Camille Robillard|Édition de la mi‑octobre 2023

Philippe Lamarre: influencer positivement

«Lancer le magazine, ç’a donc un peu représenté une quête entrepreneuriale de liberté», selon Philippe Lamarre, cofondateur et président d'Urbania. (Photo: Martin Flamand)

LE TÊTE-À-TÊTE. Fuir l’autorité. C’était le désir de Philippe Lamarre lorsqu’il a cofondé Urbania en 2003 avec Vianney Tremblay. Le média indépendant, qui atteint 95% des jeunes adultes québécois âgés de 18 à 25 ans — ainsi que 86% des 25-35 ans — selon Statistique Canada, en a parcouru du chemin depuis sa fondation il y a 20 ans. Les prochaines années n’en feront pas exception. Entrevue avec un homme qui aspire à laisser une trace dans la culture québécoise et à créer des ponts avec les autres pays de la francophonie.

 

Cette année, ce sont les 20 ans d’Urbania.

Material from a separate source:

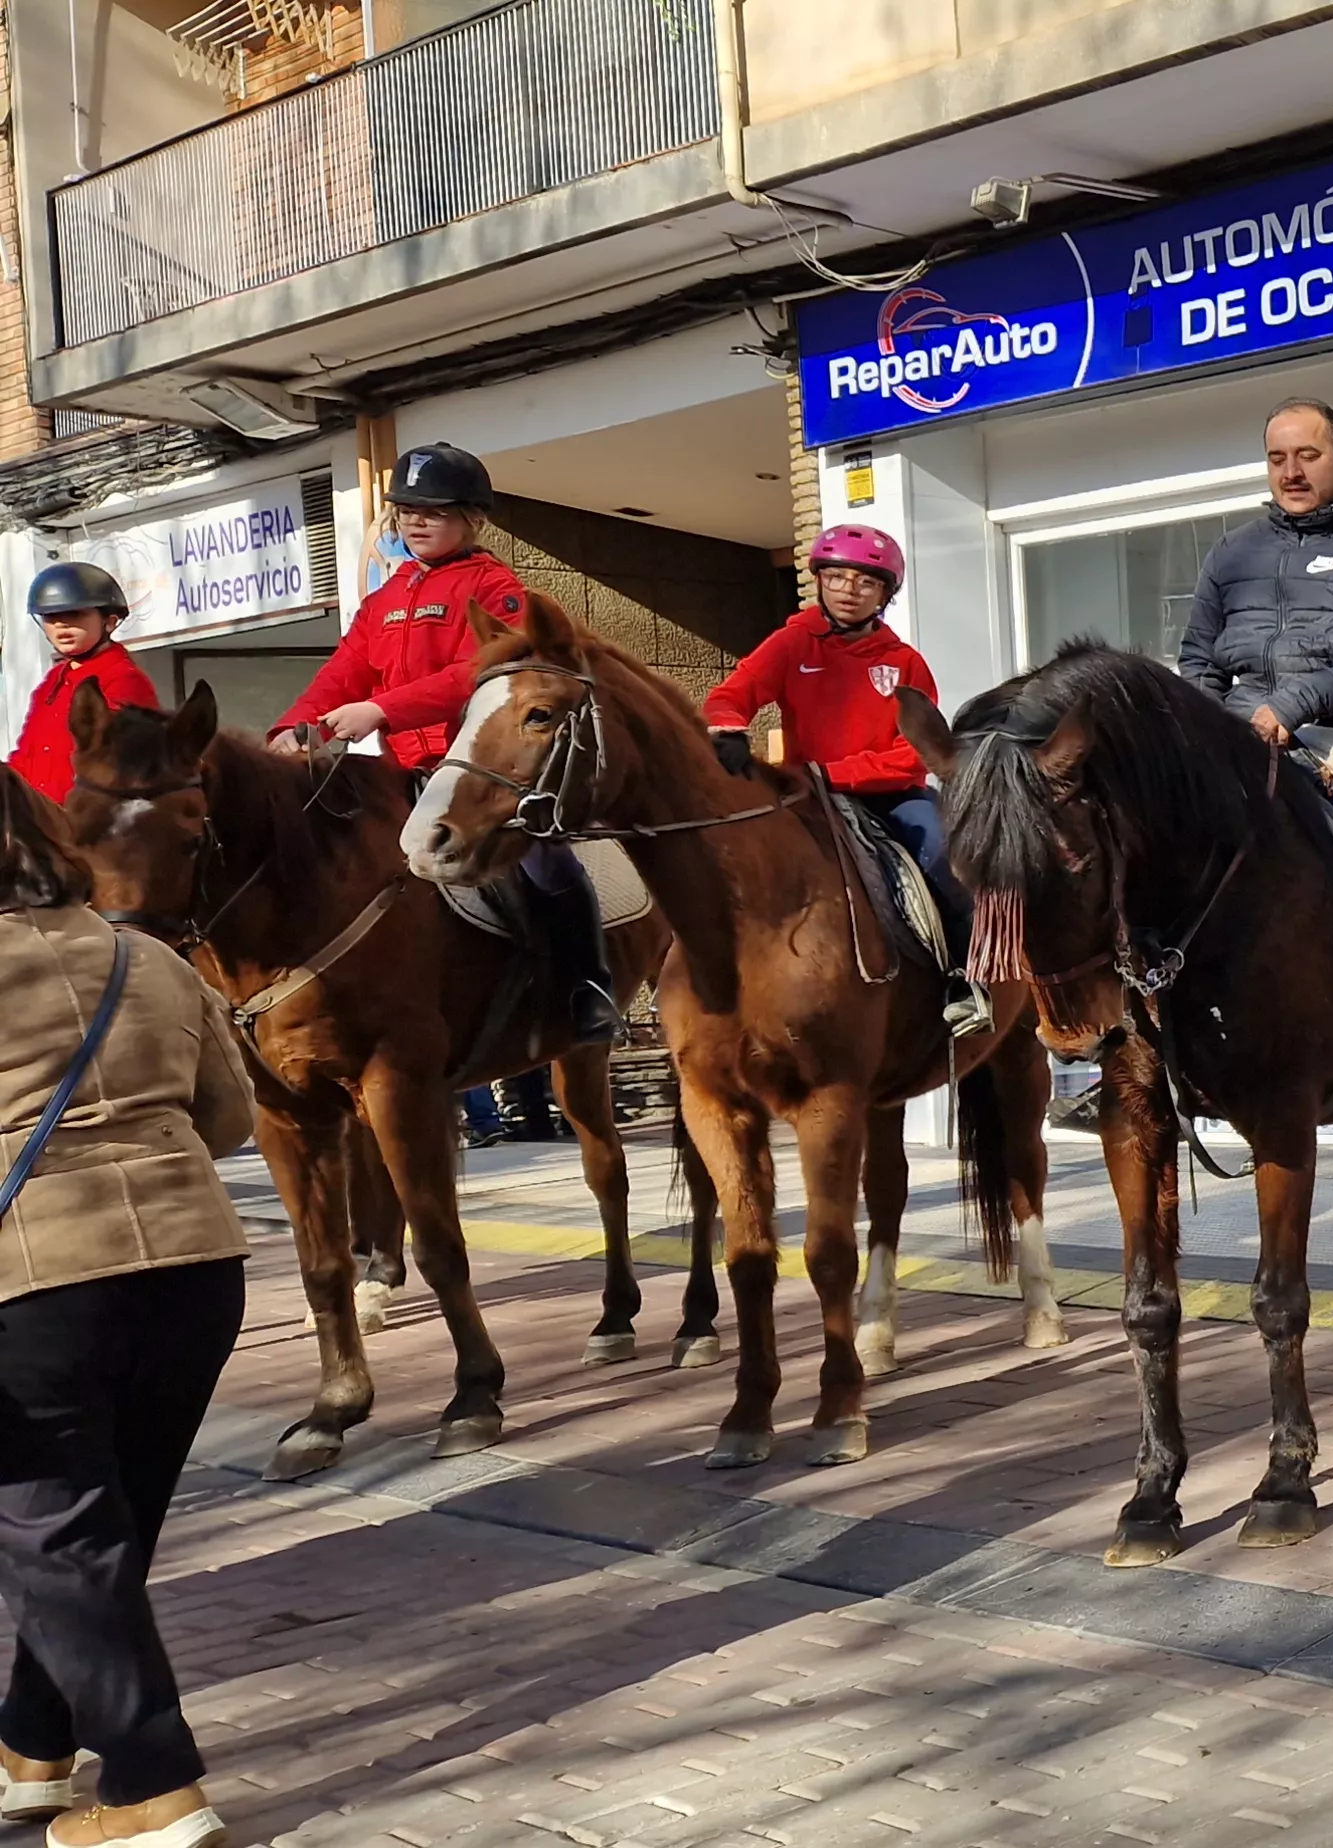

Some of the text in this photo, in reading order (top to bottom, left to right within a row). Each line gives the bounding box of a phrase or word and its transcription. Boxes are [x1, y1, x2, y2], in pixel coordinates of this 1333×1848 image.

[1181, 288, 1247, 346] DE
[829, 322, 1057, 399] ReparAuto
[169, 505, 297, 567] LAVANDERIA
[175, 556, 302, 616] Autoservicio

Quels ont été les moments marquants?

Lorsque j’ai fini mes études, j’ai essayé de travailler pour d’autres. Je me faisais mettre à la porte de tous mes « jobs » et j’ai réalisé que je n’aimais pas l’autorité. C’est pour ça que j’ai lancé mon agence avec un ami à l’époque. J’ai vite compris que mes clients étaient devenus en quelque sorte mes « boss ». Lancer le magazine, ç’a donc un peu représenté une quête entrepreneuriale de liberté. Quand d’autres médias ont commencé à parler de nous, ça nous a mis sur la « map », on a commencé à avoir des abonnés. C’est là que j’ai pris conscience que le projet — qui en était un de cœur au départ — allait influencer toute la destinée de mon entreprise.

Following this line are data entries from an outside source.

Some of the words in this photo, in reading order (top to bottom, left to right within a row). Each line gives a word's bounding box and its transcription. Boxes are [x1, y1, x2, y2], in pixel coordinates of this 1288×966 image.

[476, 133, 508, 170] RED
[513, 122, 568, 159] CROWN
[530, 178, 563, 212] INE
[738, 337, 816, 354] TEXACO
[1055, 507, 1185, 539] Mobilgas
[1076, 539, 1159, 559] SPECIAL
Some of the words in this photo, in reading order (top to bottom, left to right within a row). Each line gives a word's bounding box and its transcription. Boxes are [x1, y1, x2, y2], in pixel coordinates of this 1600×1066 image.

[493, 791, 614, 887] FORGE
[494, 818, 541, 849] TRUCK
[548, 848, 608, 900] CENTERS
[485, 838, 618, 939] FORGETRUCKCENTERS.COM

En 2005, grâce à la journaliste Catherine Pogonat — avec qui je venais de faire une entrevue —, on a commencé à produire du contenu pour la télévision. Ç’a commencé avec ARTV sous forme de capsules vidéo. Ensuite, TV5 nous a approchés pour nous proposer notre propre émission. On a eu un demi-million de dollars pour réaliser notre série. Ç’a été le vrai point de bascule, car on avait enfin des sous pour réaliser nos ambitions. Jusqu’à présent, on avait des clients de jour qui nous rapportaient de l’argent, mais on investissait tous les profits dans le magazine. Tout d’un coup, on avait le moyen d’embaucher des gens de talent, de monter des équipes, d’avoir des réalisateurs et surtout une audience.

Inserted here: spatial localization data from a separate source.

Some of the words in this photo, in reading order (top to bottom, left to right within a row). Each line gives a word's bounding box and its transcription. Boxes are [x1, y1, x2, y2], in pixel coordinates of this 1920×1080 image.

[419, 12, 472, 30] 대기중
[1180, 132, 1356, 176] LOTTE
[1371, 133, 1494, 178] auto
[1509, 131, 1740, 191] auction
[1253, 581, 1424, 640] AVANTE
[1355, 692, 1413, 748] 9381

En 2015, Vice nous a demandé si nous étions intéressés à vendre. Nous avons refusé, mais ça nous a permis de réaliser l’intérêt pour Urbania en tant que média. C’est là qu’on a enfin décidé de réunir notre agence — qui s’appelait Toxa à l’époque — et le magazine sous la même bannière : Urbania. Ç’a marqué le début d’un plan de structuration qui a entraîné une croissance importante. On est passé de 20 employés à 45 en 2019. Quand la pandémie est arrivée, je pensais que j’allais tout perdre. Mais hors de toute attente, on a eu une poussée de croissance incroyable. C’est à ce moment-là qu’on a lancé Urbania en France. Ce n’était vraiment pas le bon moment, mais on avait déjà le bras dans l’engrenage. On avait investi beaucoup d’argent, engagé des équipes et trouvé des partenaires. C’est pourquoi, malgré le contexte, on a décidé de se lancer. On n’est pas encore rentable là-bas, mais on se donne encore de trois à quatre ans pour équilibrer les comptes.

 

À SUIVRE: Le 10 octobre, vous avez lancé l’agence de talents Valides en collaboration avec la maison de gérance Hainault. Quelle est l’intention derrière celle-ci ?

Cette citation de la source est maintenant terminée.